A compromise bill might end up looking a lot like Buttigieg’s or Warren’s public-option proposals. And even though that idea repulses some on the left, most of the Sanders devotees I spoke with said they would see a public option as a major victory. “I understand if Bernie is the nominee and he puts forward a breathtakingly ambitious agenda to Congress, Congress is not going to swallow that hook, line, and sinker,” said Mike McCabe, the executive director of Our Wisconsin Revolution. “If not enough people are willing to embrace [Medicare for All] but we’re still able to make a significant step forward … that still would be an amazing outcome for millions of families in this country.”

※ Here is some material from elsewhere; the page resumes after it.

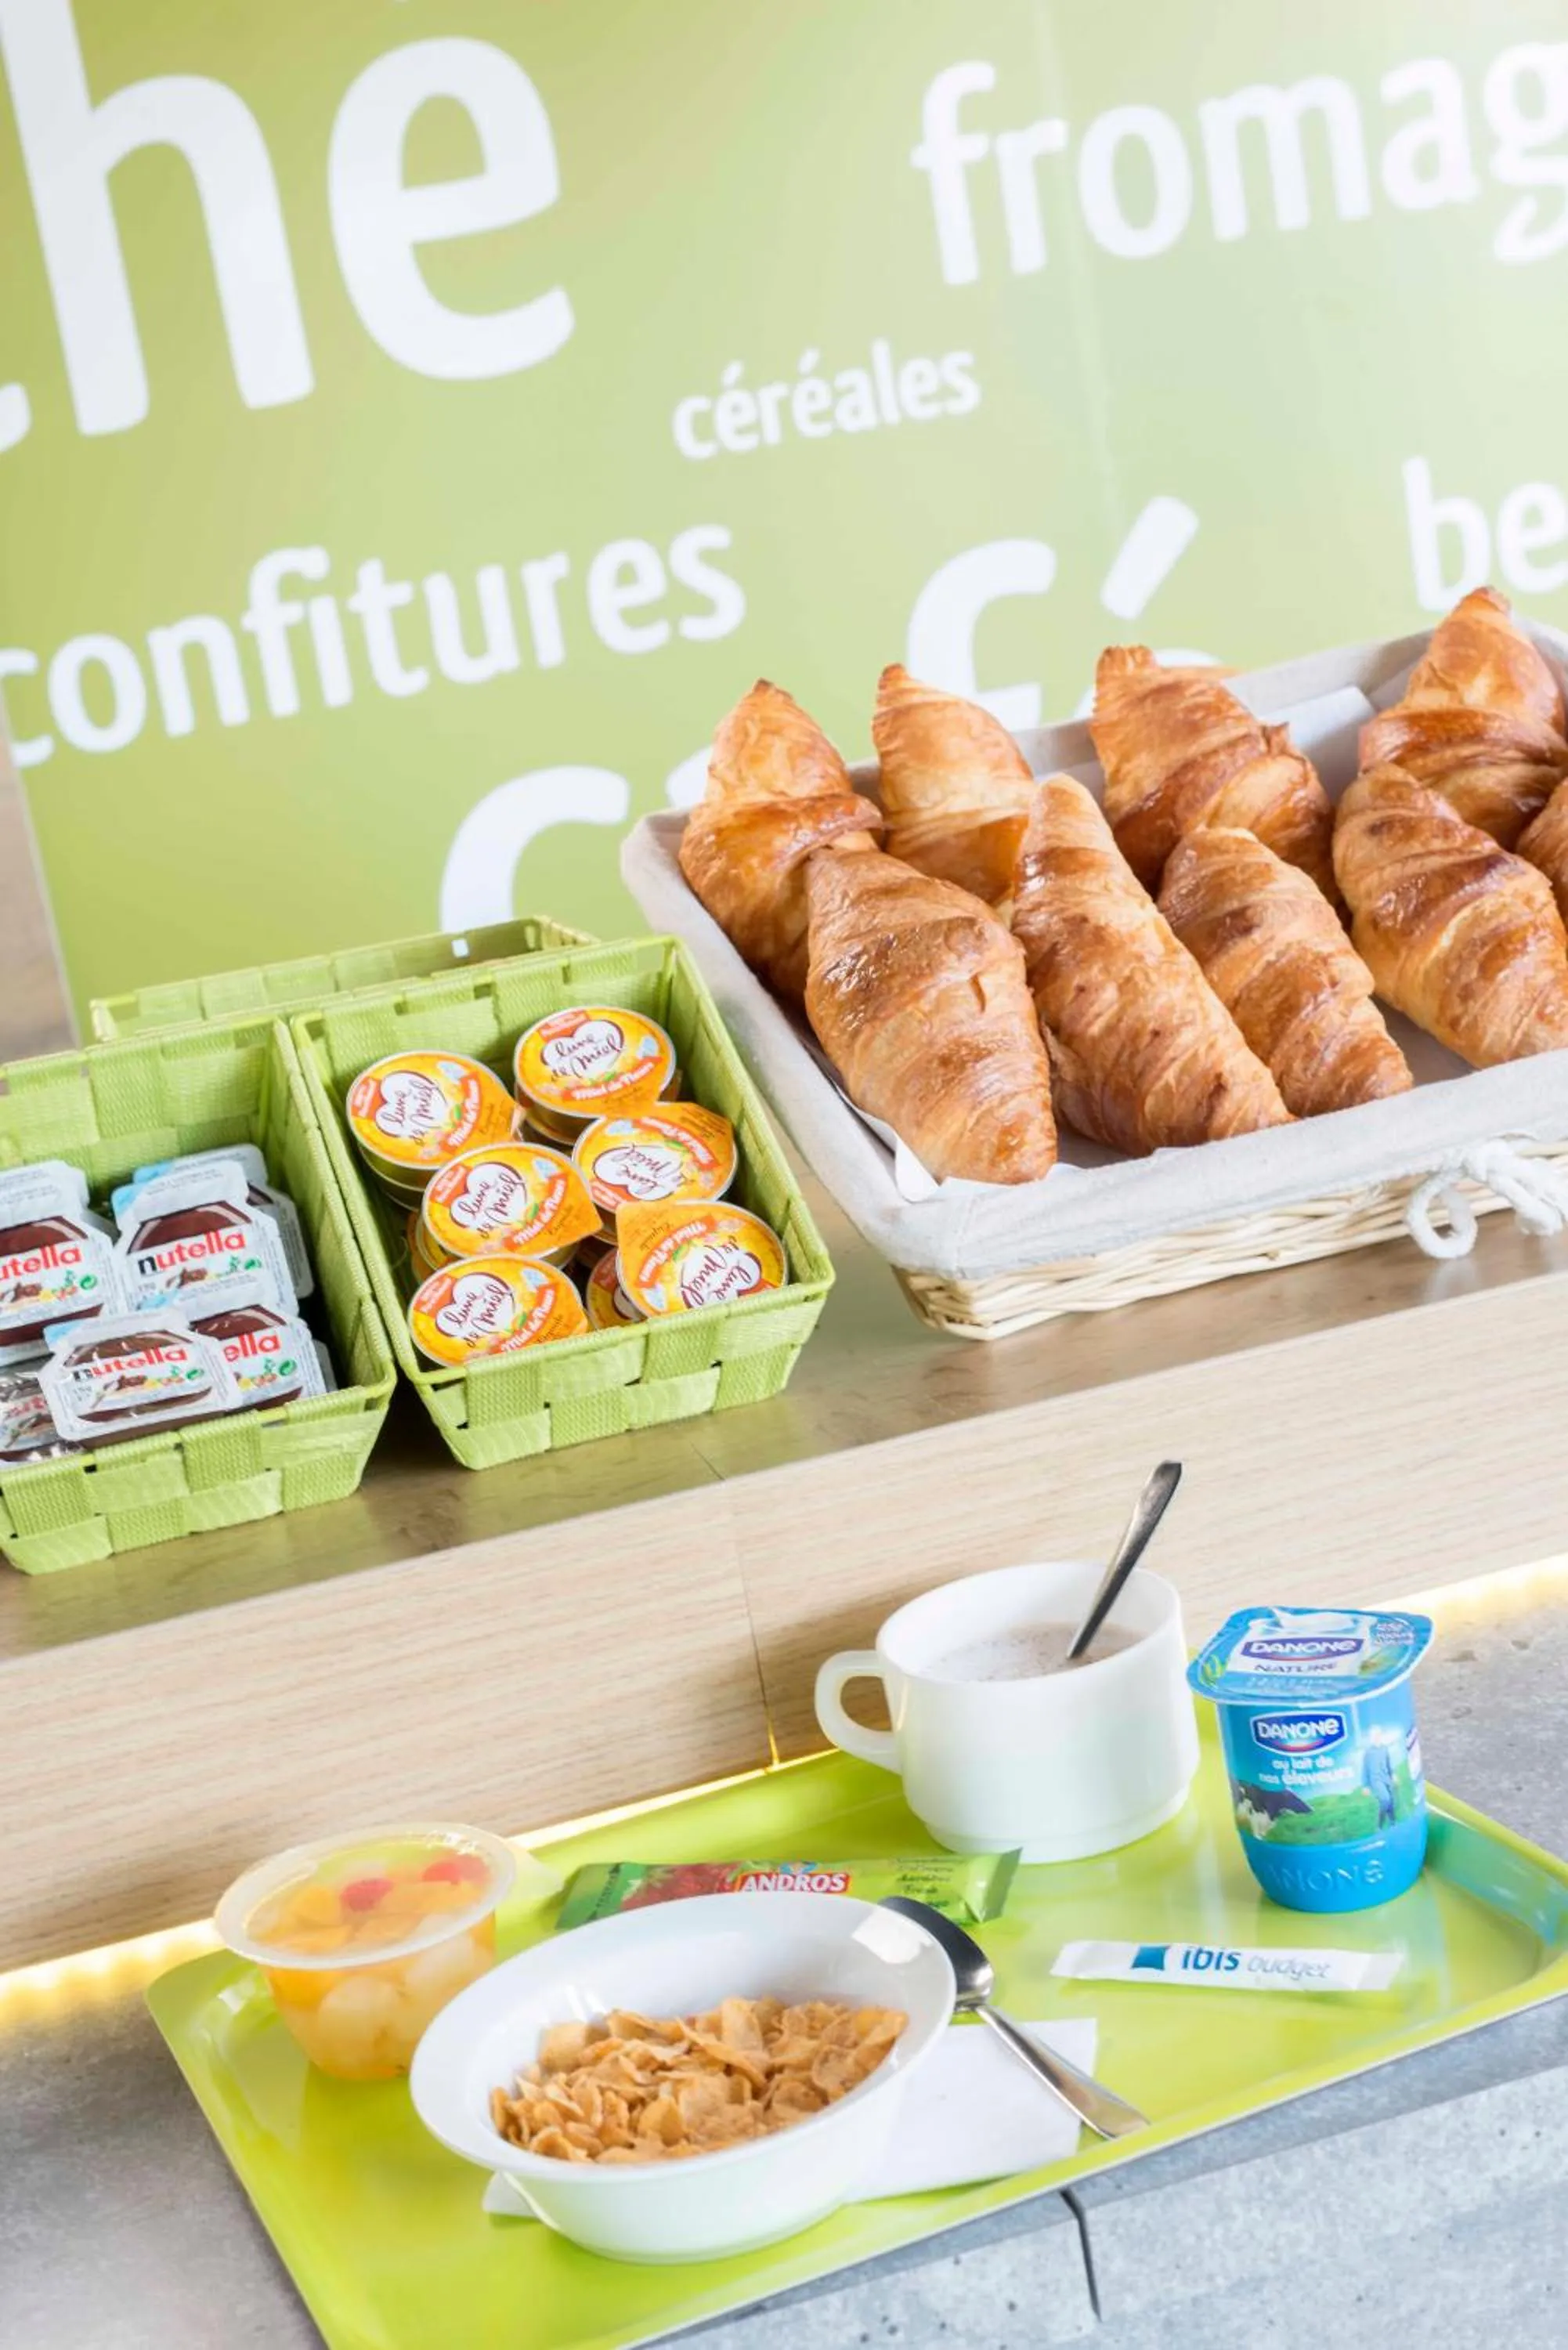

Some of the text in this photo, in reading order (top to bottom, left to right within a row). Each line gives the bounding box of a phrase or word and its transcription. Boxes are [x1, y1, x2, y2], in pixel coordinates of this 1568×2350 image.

Comments like these elicit grumbles of “hypocrisy” from supporters of other Democratic candidates who have been saying for months that Medicare for All is much less politically feasible than a public option. But when I questioned Sanders backers on this point, each of them replied that, by campaigning on something as far-reaching as Medicare for All, Sanders is the only candidate starting in the strongest possible bargaining position. “So often the Democrats compromise with themselves,” McCabe said, citing Buttigieg and his public-option plan. “They rein in their own aspirations; they limit their own demands. All that I know is that if you ask for a lot, you can get a little, and if you ask for a little, you get nothing.”

Many of them are still optimistic about passing Medicare for All; they believe that the same wave of energy and enthusiasm that will sweep Sanders into office in November will also motivate lawmakers to support his more radical proposals. Even if more conservative members of Congress are hesitant to support the health-care plan, some Sanders supporters think that a public-pressure campaign in their states—which the senator has vowed to wage—will help persuade them. “The optics of what we’re dealing with completely flip on [their] head once he’s in the White House,” said Skylar Hurwitz, a 27-year-old member of Our Revolution Pennsylvania who is running for the U.S. House.*

But for the most part, the organizers I interviewed showed how his biggest defenders aren’t oblivious to the opposition his plans would face in Congress (not to mention from the interest groups that Sanders rails against). And as a Sanders nomination grows more likely by the day, it’s possible that we’re getting an early glimpse of the argument he will make to reel in hesitant Democrats during a general election: that a Sanders presidency won’t necessarily mean immediate, revolutionary change. It’s plausible, too, that Sanders supporters are tempering progressive expectations.

“I understand how the political process works,” McCabe said. “I understand that you don’t get everything that you want.”


* A previous version of this story misstated the office Skylar Hurwitz is running for.